As the number of connected devices and systems grows, so does the number of threats we have to defend against. Security professionals came together at the Gartner Security & Risk Management Summit to learn how they can defend their organizations against the threats that exist today and those they expect to face tomorrow.
There were a few questions that came up repeatedly among visitors to the A10 booth. Some of the questions were ripped from the headlines, like those about cryptomining, and some were more evergreen, like those about how security teams can communicate better with leadership.

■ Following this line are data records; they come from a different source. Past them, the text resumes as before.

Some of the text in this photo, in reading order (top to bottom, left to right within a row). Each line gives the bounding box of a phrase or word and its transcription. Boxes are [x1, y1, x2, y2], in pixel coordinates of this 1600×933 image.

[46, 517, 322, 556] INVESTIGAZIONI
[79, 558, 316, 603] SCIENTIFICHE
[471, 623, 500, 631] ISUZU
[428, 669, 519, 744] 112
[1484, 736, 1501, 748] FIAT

Here’s the answers to the top three questions we heard most frequently:
Cryptocurrency isn’t the currency we need to worry about, it’s the sneaky cryptomining. This year has seen a big surge in the practice of hijacking computers to perform resource-intensive processing tasks. This practice has been a nuisance in recent years, but now it’s become popular enough among hackers to impact business operations. Use machine learning to monitor your network activity for unusual activity that includes short incoming messages and long outgoing messages.
There is a lot of uncertainty around General Data Protection Regulation (GDPR), and the stakes are high for enterprises that interpret the regulation incorrectly. We heard mind-twisting questions like, “If a user emails us their request to exercise the right to be forgotten, do we have to delete the request?” and “If we can’t keep users’ records, how can we prove we ‘forgot’ someone who asked to be forgotten?” A lot of the questions we were asked should have been directed to in-house counsel. Security professionals need to think more about data classification and sharing practices overall, and leave the nitty-gritty details to the lawyers.

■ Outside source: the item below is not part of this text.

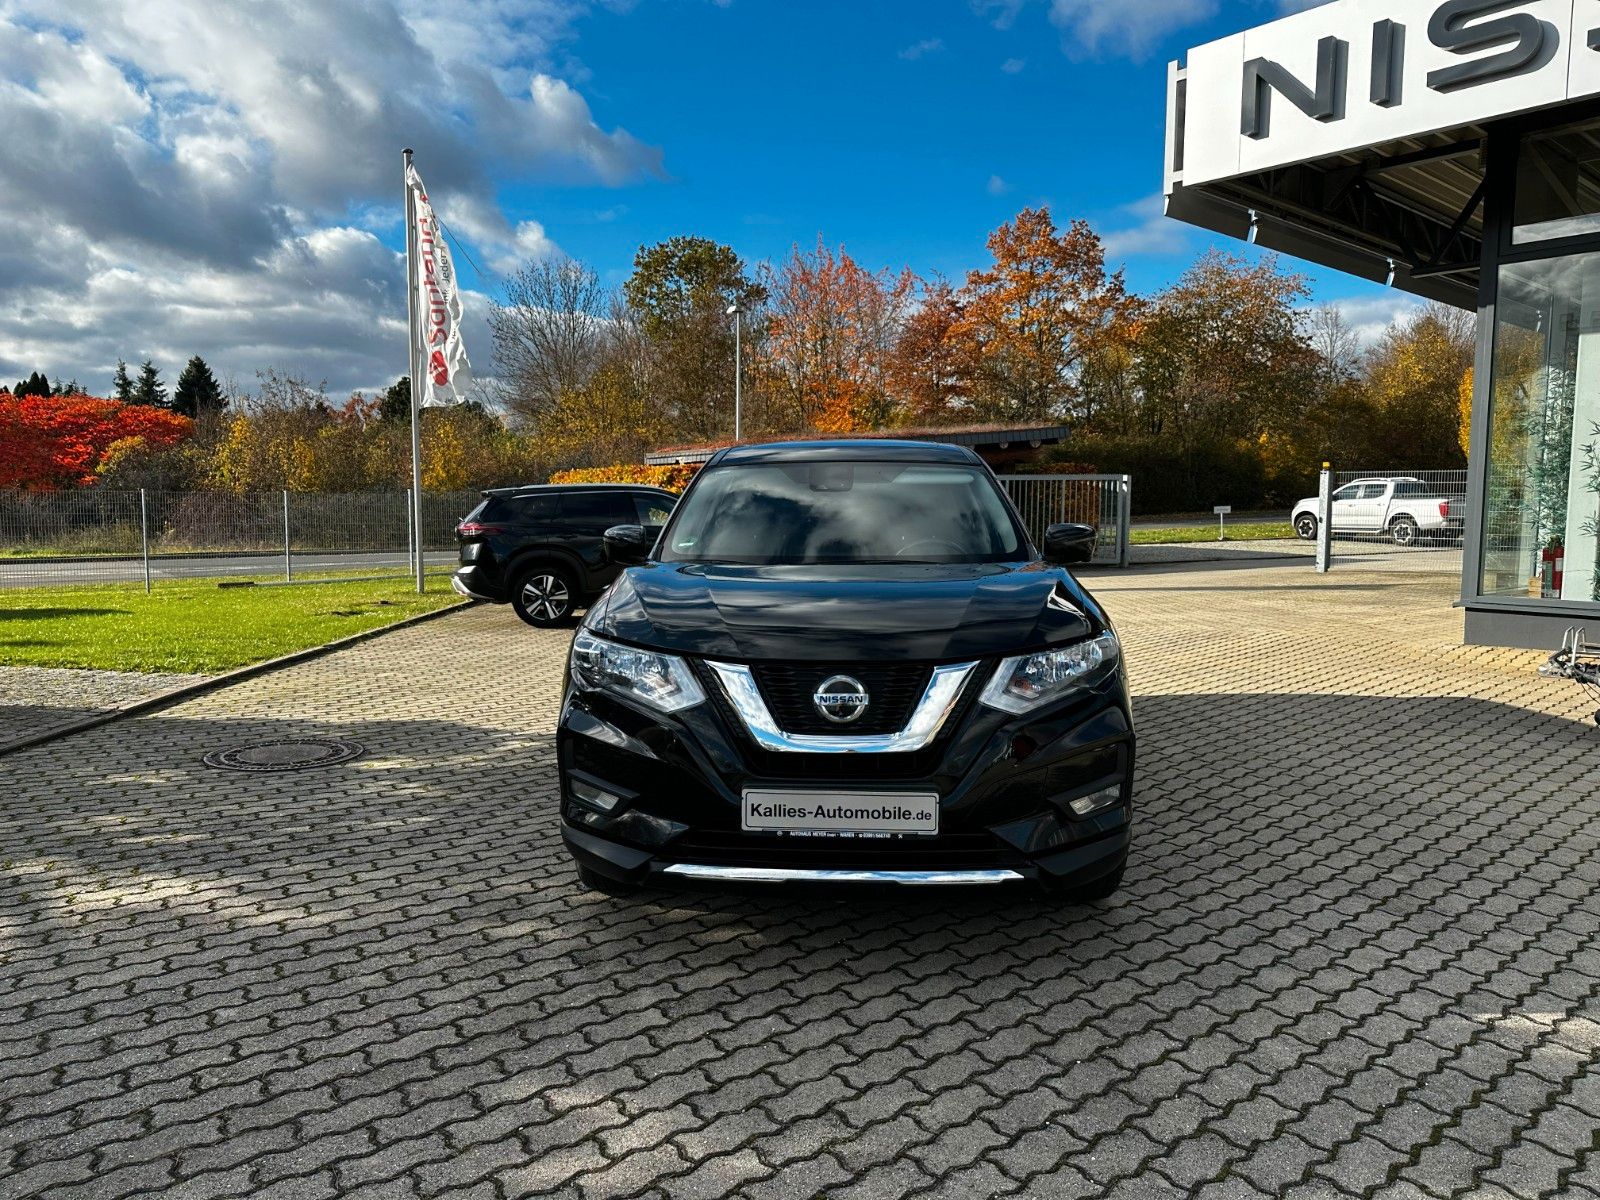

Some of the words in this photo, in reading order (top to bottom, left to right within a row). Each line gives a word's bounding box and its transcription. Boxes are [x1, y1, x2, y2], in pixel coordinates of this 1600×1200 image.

As more enterprises move greater segments of their operations online, security is more important than ever. Yet it’s not unusual for security activities to be treated as separate from development, which leads to the perception that security is a roadblock to agile roll-outs. Security leaders need to get involved in the planning stages of a digital transformation. If decision-makers don’t provide the proverbial seat at the table, then security leaders need to find back-channel ways to help developers build security into the coding process. Easy? No. Necessary? Yes.
We’re going to see more attacks via IoT, of course—no surprise there. We’ll see more damaging attacks as hacking syndicates like Carbanak/FIN7 assign structured teams to assault specific targets. And we’re sure to see more DDoS attacks as hacking continues to be productized on an as-a-service basis available to anyone who can google directions to the dark web.